According to the Encyclopedia Britannica, late blight is an American export; someone accidentally introduced it to Ireland. I long ago learned that the late blight fungus is pretty much always on-hand, waiting for the right conditions to kick it into action. A gardener’s best defense against late blight is culture:

  • Provide good drainage— If drainage is good, air movement around your plants’ roots is also good; and good for the plants..
  • Minimize moisture— Water only as much as the plants need; I haven’t met a vegetable plant that wants its roots wet constantly.
  • Control moisture— That is, focus watering on the soil near plants’ roots; don’t use sprinklers and spray nozzles that soak foliage with every watering.
  • Don’t crowd plants— You can plant things closer than seed packages recommend and you’ll get great production… as long as everything else goes right. I understand the risks of crowding and I take the lumps when they come… but please choose a level of pain that’s acceptable to you. Crowding traps moisture, blocks air flow, and provides easy pathways for insects and diseases.
  • Make sure air can circulate freely— If there’s a lot of air movement within your garden plot, plants will tolerate crowding better than they will in a well-sheltered area.
  • Rotate crops— Don’t plant the same crop in the same area two years in a row. Ideally, figure a three- or four-year rotation; don’t repeat tomatoes in the same space for three or four years if you can avoid it.
  • Follow a crop only with crops that aren’t closely-related— Tomatoes, potatoes, peppers, and eggplant are all related closely enough that if you plant one in a specific area this season, none should go in that area next season. Please check my small kitchen garden store for books that will guide you to responsible choices for next year’s crops.
  • Prevent the spread of disease— Remove sick plants quickly. Bag them and toss them in the garbage, but don’t compost them.
  • Plant seedlings grown locally— Best of all: learn to start your own plants from seeds about four-to-six weeks before you put them in your garden. If you prefer to leave that hassle to someone else, at least find a local nursery or garden store that starts its own seedlings. The farther you go for your live plants, the more opportunities the plants have to acquire unwanted pathogens.

Gardening Lucky

I feel pretty confident in guessing that this bell pepper is inflicted with late blight. I had been anticipating a second wave of peppers to harvest in early autumn, but the very difficult growing season had other ideas.

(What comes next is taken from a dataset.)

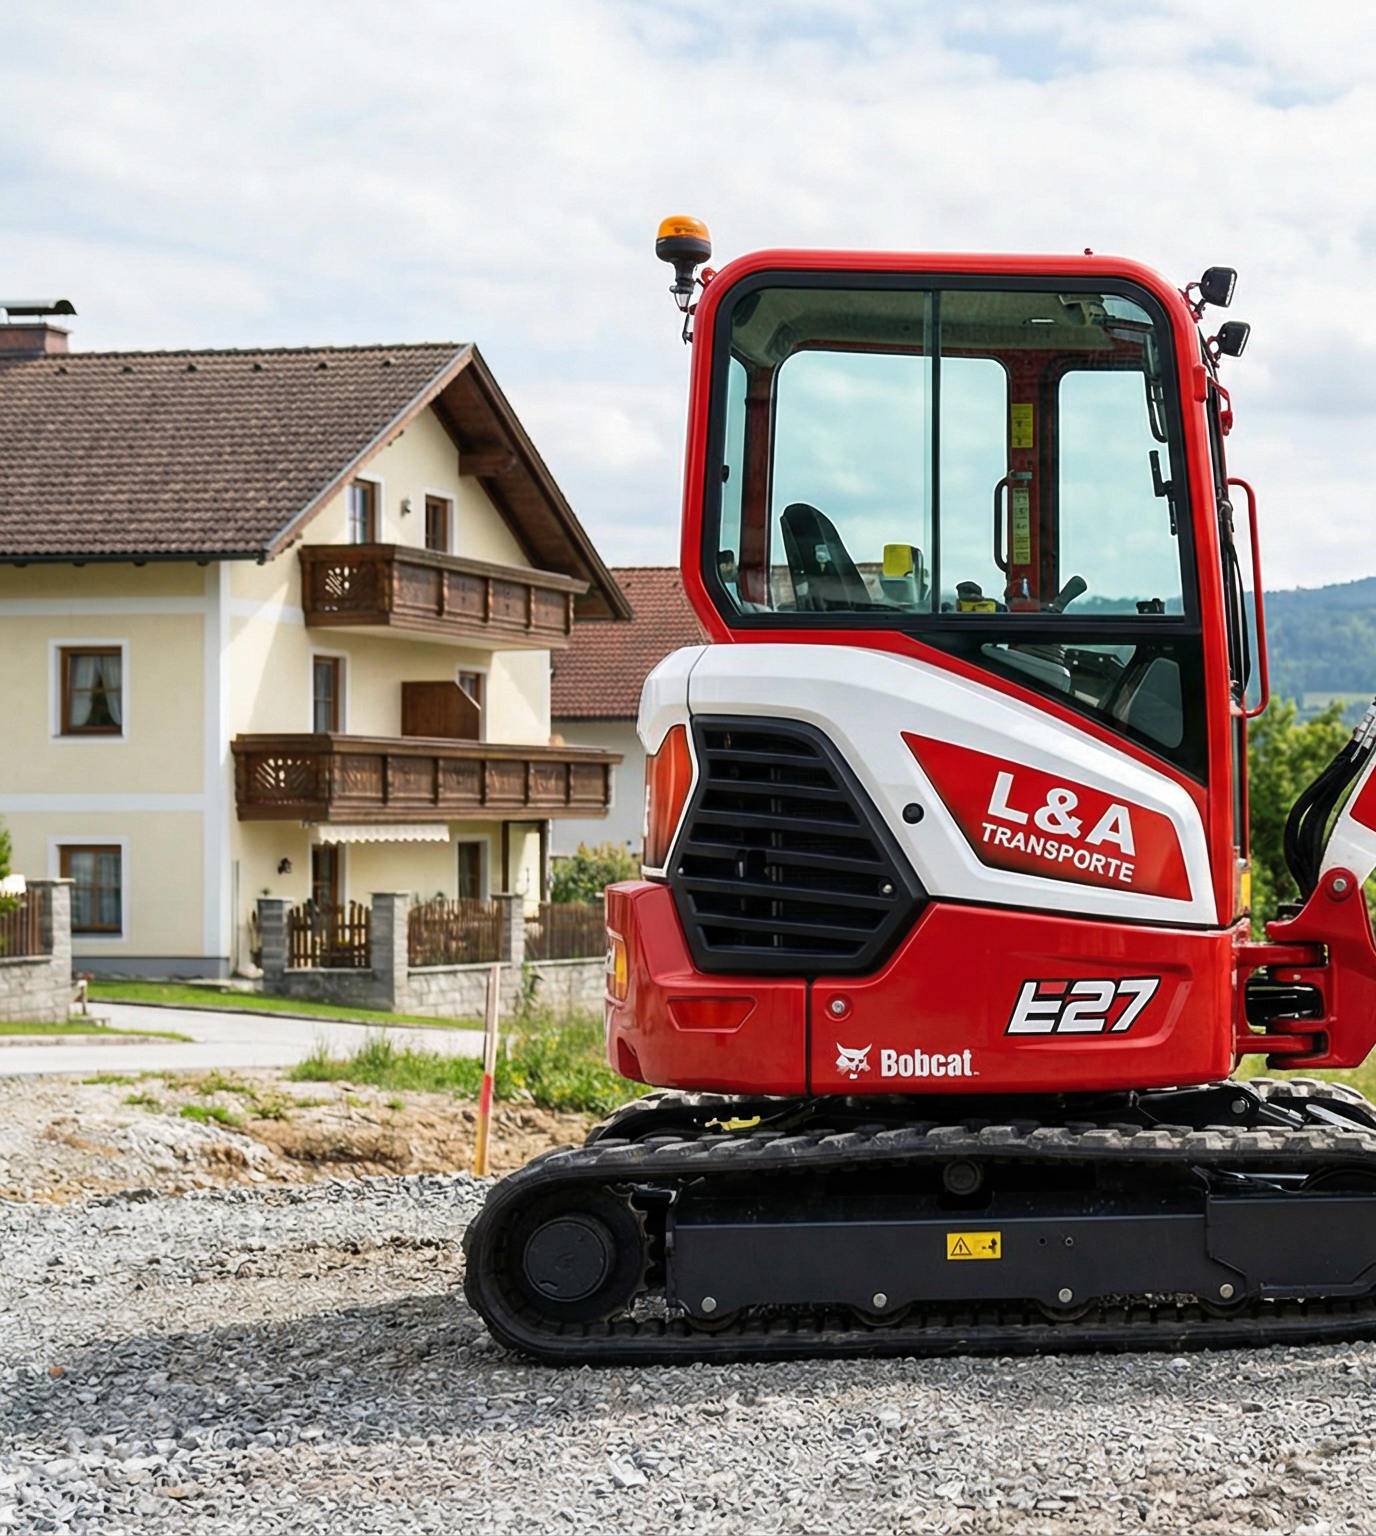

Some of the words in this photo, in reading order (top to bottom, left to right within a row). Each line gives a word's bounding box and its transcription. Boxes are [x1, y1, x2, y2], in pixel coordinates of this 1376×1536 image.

I got very lucky this season:

  • I started all my plants from seeds for the first time ever.
  • The micro climate of central PA was cool but “wet enough” meaning we got rain when we needed it, but not to excess. I’m quite sure it was low temperatures that caused the most trouble.
  • Despite heavy crowding, my plants showed no sign of stress until late August.
  • By late August, I’d already harvested about 3 bushels of tomatoes
  • Late blight spread very slowly in my garden; it seems to have missed the potatoes, though it seems to be damaging some of my peppers.

Despite the good luck, in just two weeks, my tomato plants have gone from late-season production of gorgeous fruits to overwhelming melt-down with nearly every fruit showing ugly brown lesions. I’m used to harvesting tomatoes up to the first frost, but this weekend I’ll be pulling all the plants and stuffing them into a plastic bag for garbage pickup.

Keep On Gardening

This was an unusual year! It is my first in fourteen seasons at this address where disease has taken hold… and some of those years were far wetter. My guess is that the temperature was the biggest villain in my garden’s problems; summer seemed to last about two weeks. Those weeks fell between three months of early spring and the sudden onset of autumn.

So, don’t be discouraged. Chances are, next season will be “normal…” and if not, perhaps the season after that will be.